Item 4.    Controls and Procedures
Evaluation of Disclosure Controls and Procedures
The Company maintains disclosure controls and procedures that are designed to ensure that information required to be disclosed in the Company’s reports under the Securities Exchange Act of 1934, as amended (the “Exchange Act”) is recorded, processed, summarized and reported within the time periods specified in the SEC’s rules and forms, and that such information is accumulated and communicated to management, including the Company’s Chief Executive Officer and Chief Financial Officer, and the Company’s Audit Committee of the Board of Directors, as appropriate, to allow timely decisions regarding required disclosure. In designing and evaluating the disclosure controls and procedures, management recognizes that any controls and procedures, no matter how well designed and operated, can provide only reasonable assurance of achieving the desired control objectives, and management is required to apply its judgment in evaluating the cost-benefit relationship of possible controls and procedures.
The Company carried out an evaluation under the supervision and with the participation of its management, including its Chief Executive Officer and Chief Financial Officer, of the effectiveness of its disclosure controls and procedures as of the end of the period covered by this report. Based on this evaluation, the Chief Executive Officer and Chief Financial Officer concluded that the Company’s disclosure controls and procedures were effective as of September 30, 2015.
Changes in the Company’s Internal Control Over Financial Reporting
The Company’s management is also responsible for establishing and maintaining adequate internal control over financial reporting, as defined in Rules 13a-15(f) and 15d-15(f) of the Exchange Act. The Company’s internal controls were designed to provide reasonable assurance as to the reliability of its financial reporting and the preparation and presentation of the condensed consolidated financial statements for external purposes in accordance with accounting principles generally accepted in the United States.
Because of its inherent limitations, internal control over financial reporting may not detect or prevent misstatements. Projections of any evaluation of the effectiveness to future periods are subject to the risk that controls may become inadequate because of changes in conditions, or that the degree of compliance with the policies or procedures may deteriorate.
There were no changes in the Company’s internal control over financial reporting during the third quarter of 2015 that materially affected, or were reasonably likely to materially affect, the Company’s internal control over financial reporting.

61


Part II – Other Information

Item 1.
Legal Proceedings
For certain statewide class action royalty payment disputes where a reserve has not yet been established, the Company has denied that it has any liability on the claims and has raised arguments and defenses that, if accepted by the courts, will result in no loss to the Company. In addition, the Company is involved in various other disputes arising in the ordinary course of business. The Company is not currently a party to any litigation or pending claims that it believes would have a material adverse effect on its overall business, financial position, results of operations or liquidity; however, cash flow could be significantly impacted in the reporting periods in which such matters are resolved.
Item 1A.
Risk Factors
Our business has many risks. Factors that could materially adversely affect our business, financial condition, operating results or liquidity and the trading price of our units are described in Item 1A. “Risk Factors” in our Annual Report on Form 10-K for the year ended December 31, 2014, and in our Quarterly Report on Form 10-Q for the quarter ended June 30, 2015. Except as set forth below, as of the date of this report, these risk factors have not changed materially. This information should be considered carefully, together with other information in this report and other reports and materials we file with the United States Securities and Exchange Commission.

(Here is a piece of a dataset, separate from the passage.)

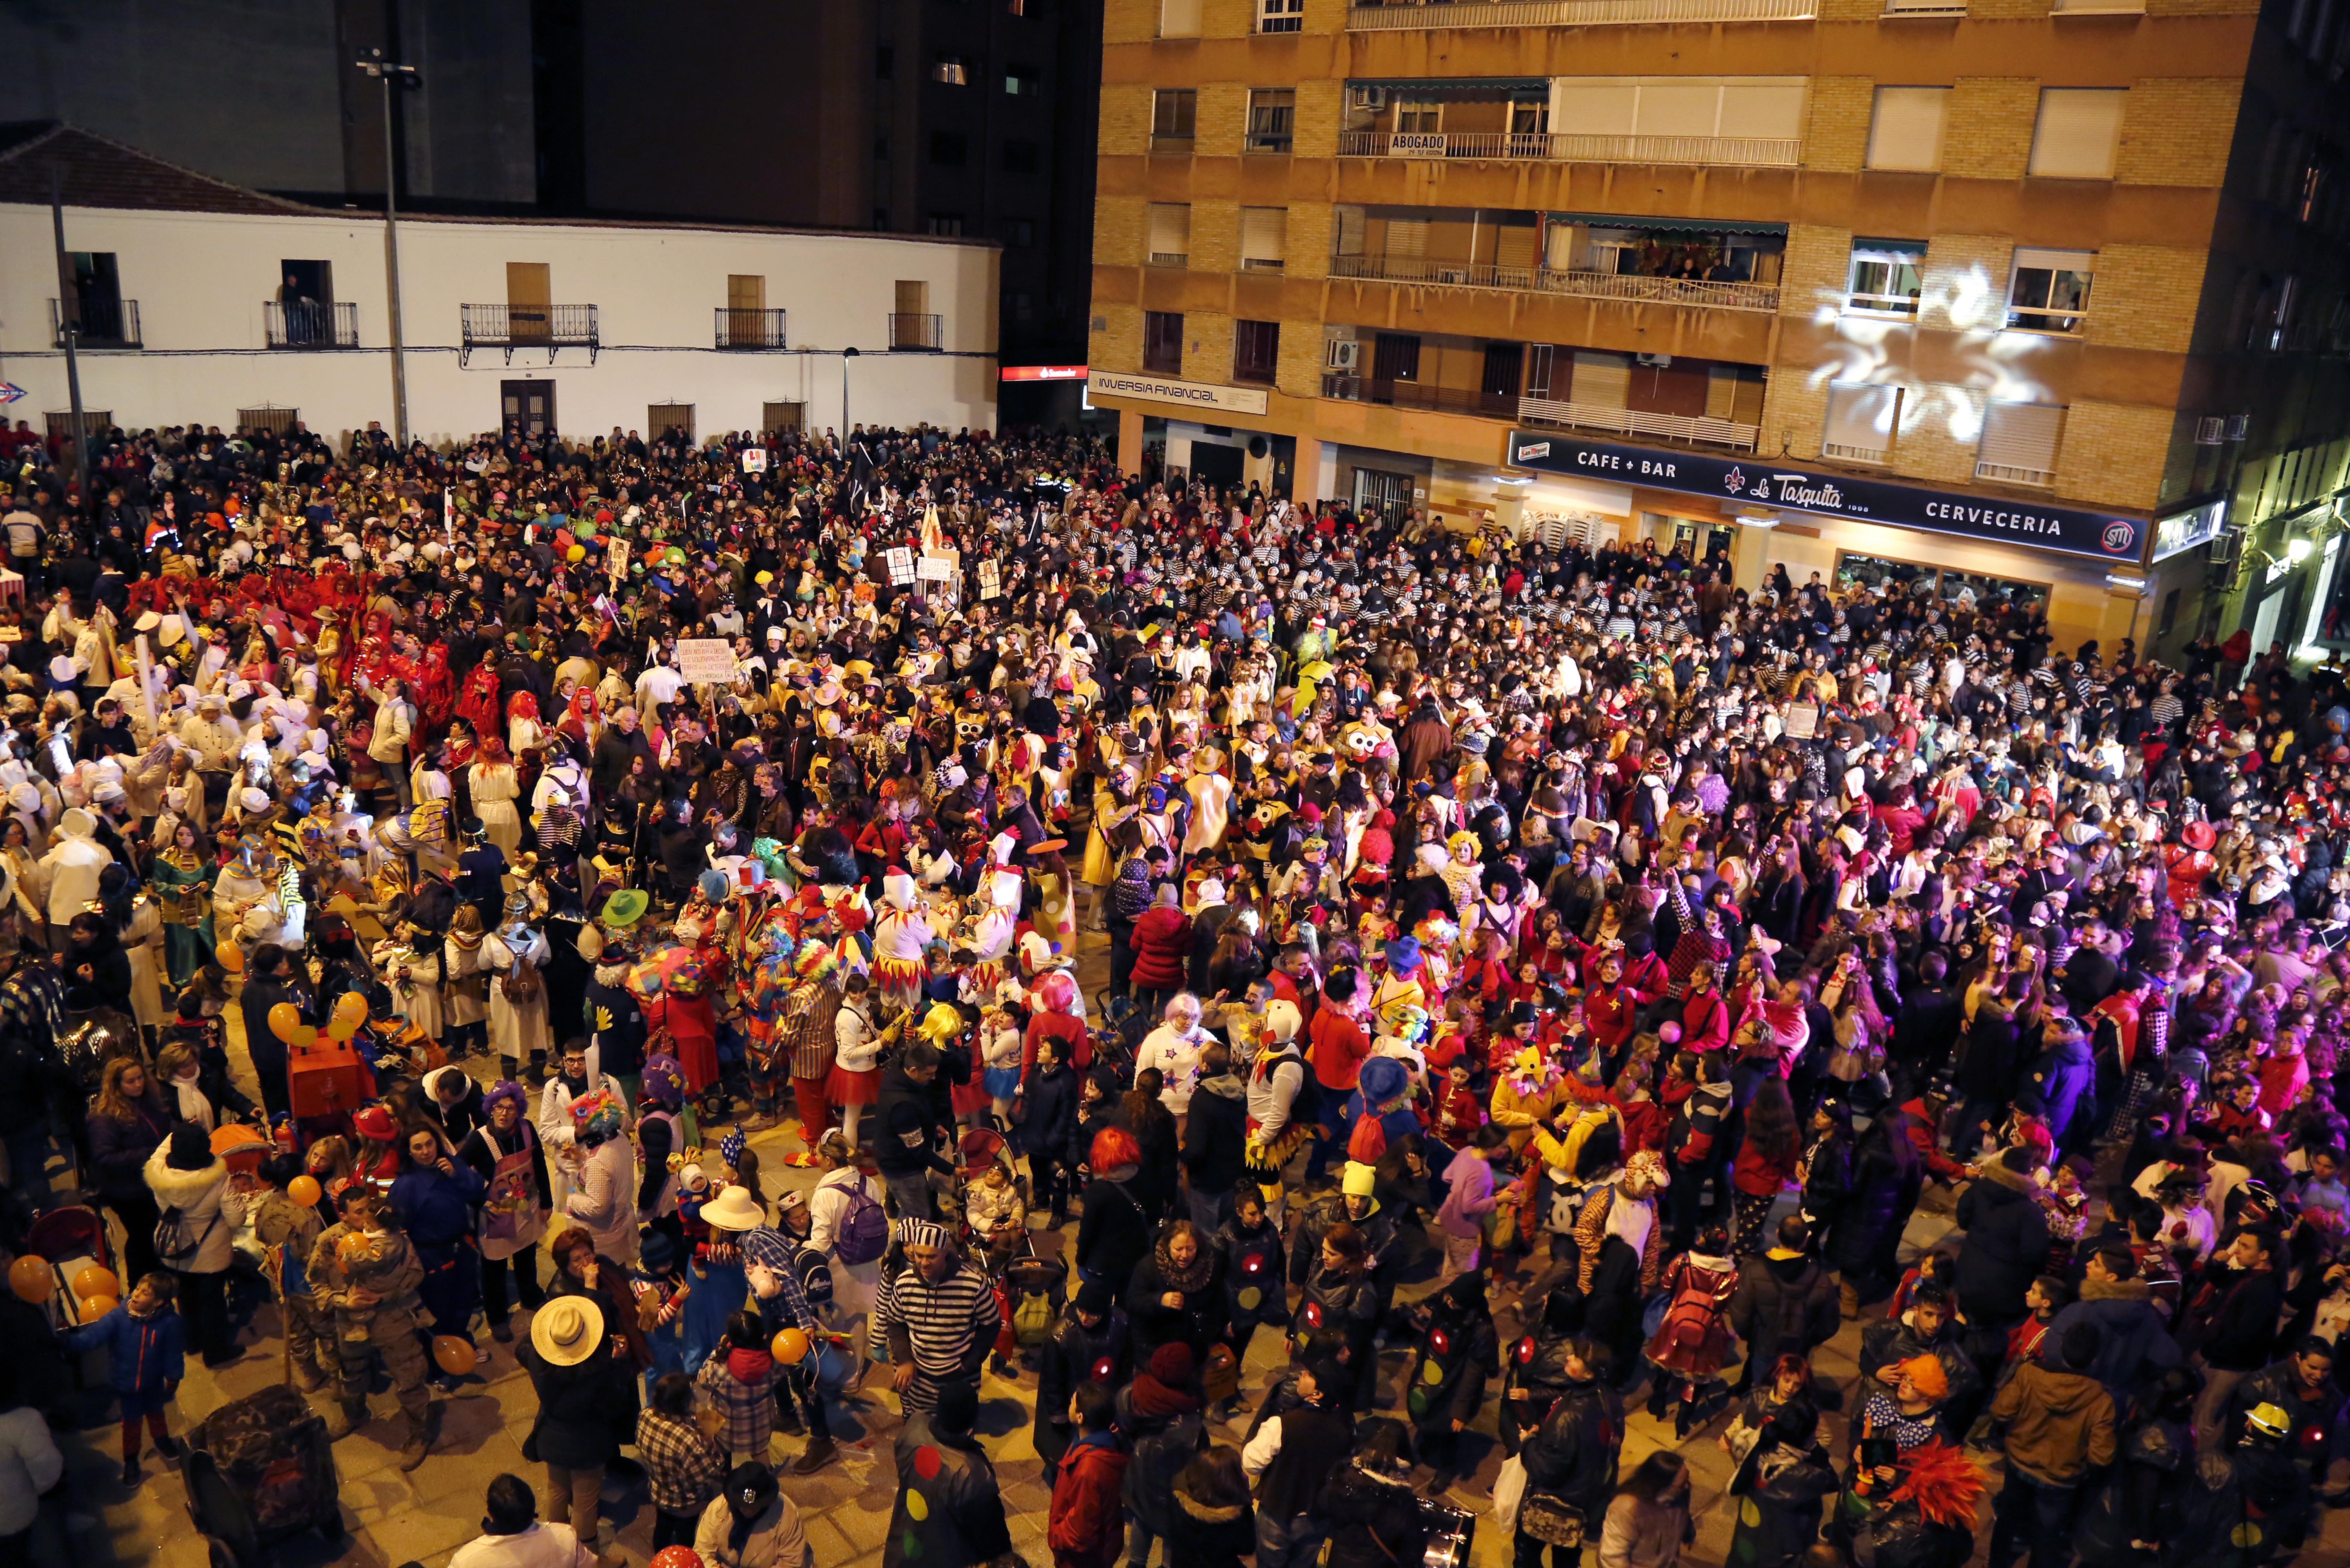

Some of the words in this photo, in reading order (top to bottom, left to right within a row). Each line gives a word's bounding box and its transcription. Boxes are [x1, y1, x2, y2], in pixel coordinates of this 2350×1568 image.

Our Board of Directors has the ability to reserve any or all of our cash on hand at the end of a quarter for purposes other than distribution to unitholders, including reduction of indebtedness.
Although we may have generated sufficient net cash provided by operating activities during any particular quarter, our Board of Directors has the ability under our limited liability company agreement to establish a cash reserve, which could encompass all of the cash otherwise available for distribution, to provide for the proper conduct of our business in both the short and long term. To provide for the proper conduct of our business, the Board of Directors can determine to reserve cash to reduce indebtedness, among other things. For example, in October 2015, our Board of Directors approved a suspension of our distribution. Our decision to reserve all of our cash on hand for such allowed purposes and not distribute it may significantly impact our unitholders, as well as our business and operations. The market value of our units may remain depressed or further decrease unless and until we resume a distribution. In addition, further refinancing or restructuring of our debt may require us to accept covenants that further restrict our ability to reinstate distributions. External perceptions of the health of our business and our liquidity may also be impacted, which could further limit our ability to access capital markets, cause our vendors to tighten our credit terms and cause a strain in our relationship with landowners and other business partners.

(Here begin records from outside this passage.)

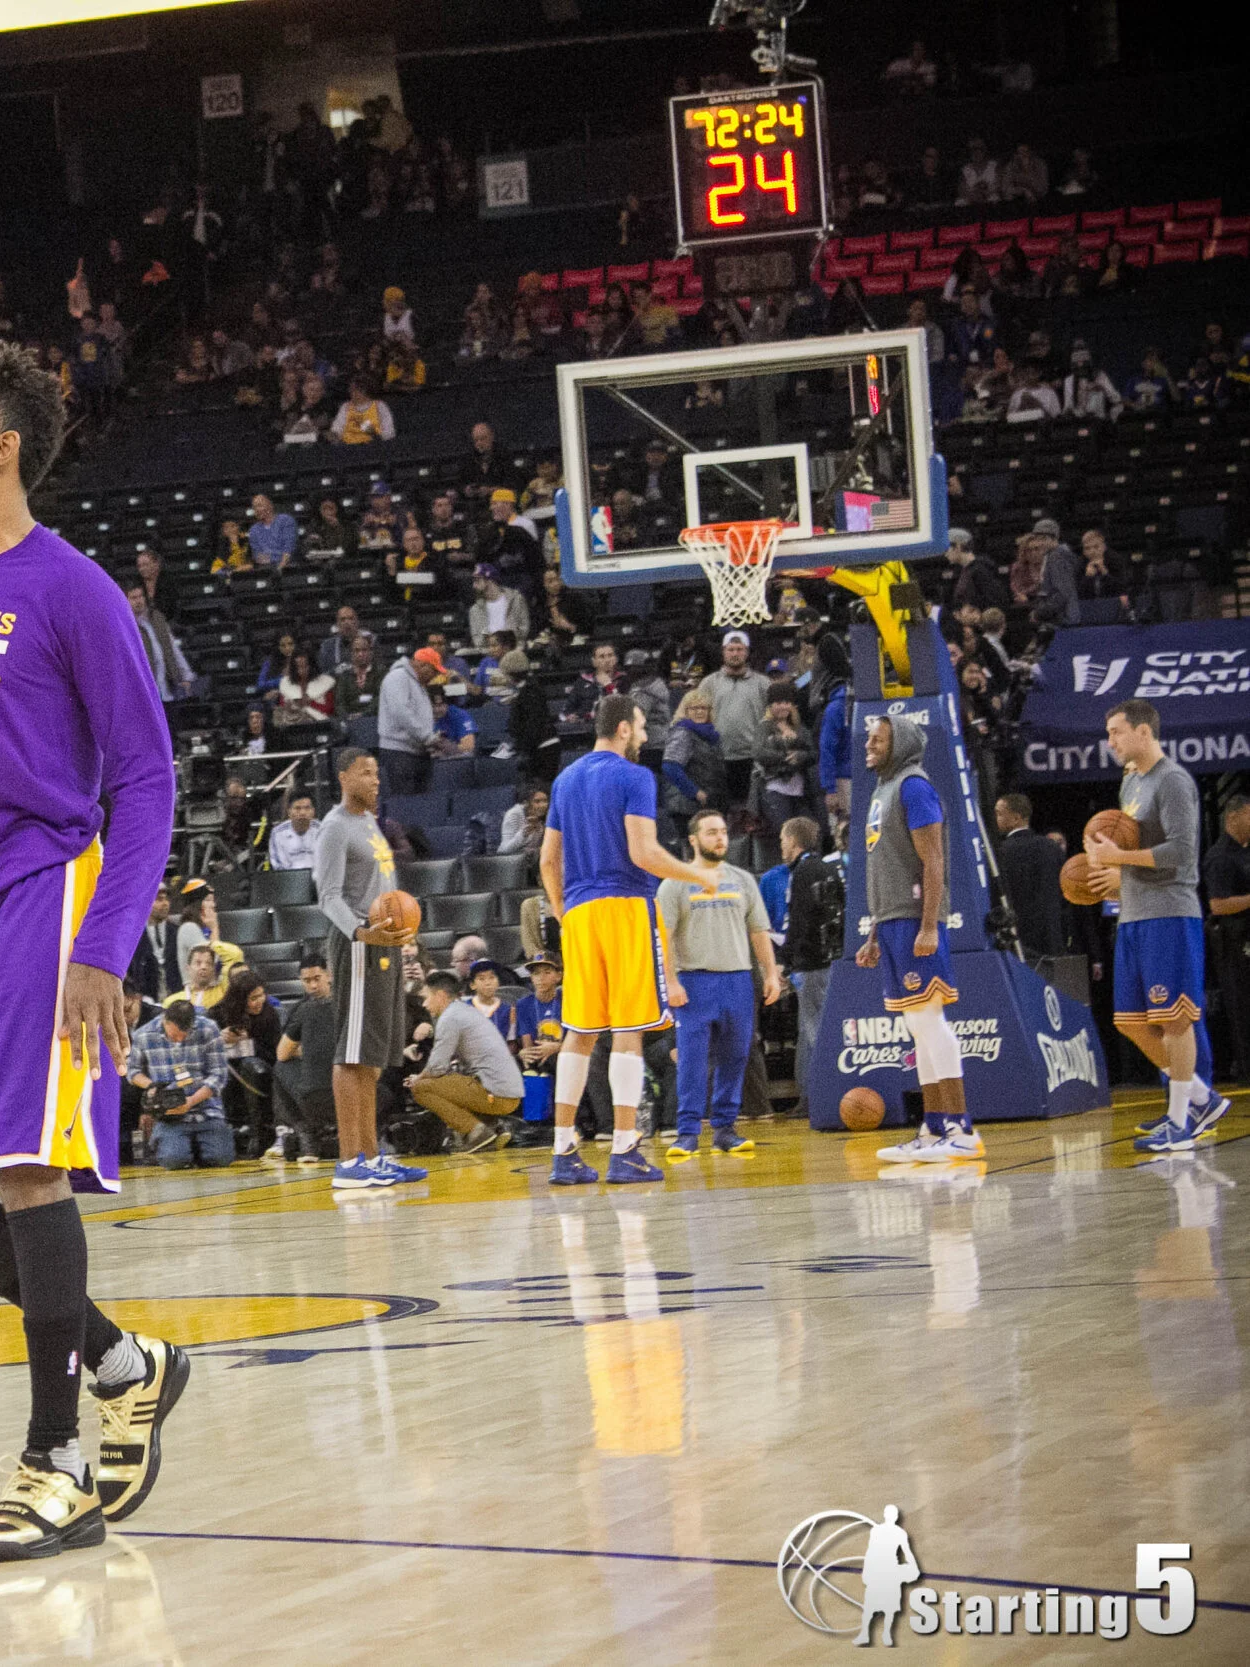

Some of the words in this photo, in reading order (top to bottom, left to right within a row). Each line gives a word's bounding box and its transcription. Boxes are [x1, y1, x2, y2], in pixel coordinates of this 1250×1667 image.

[207, 92, 240, 112] 120
[693, 103, 804, 148] 72:24
[492, 179, 525, 200] 121
[707, 151, 797, 225] 24
[1145, 649, 1248, 667] CITY
[1098, 734, 1250, 769] NIONA
[857, 1016, 911, 1045] NBA
[947, 1018, 999, 1036] ason
[838, 1046, 903, 1075] Cares
[958, 1036, 1002, 1062] ving

If we are unable to generate enough cash flow from operations to service our indebtedness or are unable to use future borrowings to refinance our indebtedness or fund other capital needs, we may have to undertake alternative financing plans, which may have onerous terms or may be unavailable.
We cannot assure you that our business will generate sufficient cash flow from operations to service our outstanding indebtedness, or that future borrowings will be available to us in an amount sufficient to enable us to pay our indebtedness or to fund our other capital needs. If we do not generate sufficient cash flow from operations to satisfy our debt obligations, we may have to undertake alternative financing plans, such as:
refinancing or restructuring all or a portion of our debt;
obtaining alternative financing;
selling assets;
reducing or delaying capital investments;
seeking to raise additional capital; or
revising or delaying our strategic plans.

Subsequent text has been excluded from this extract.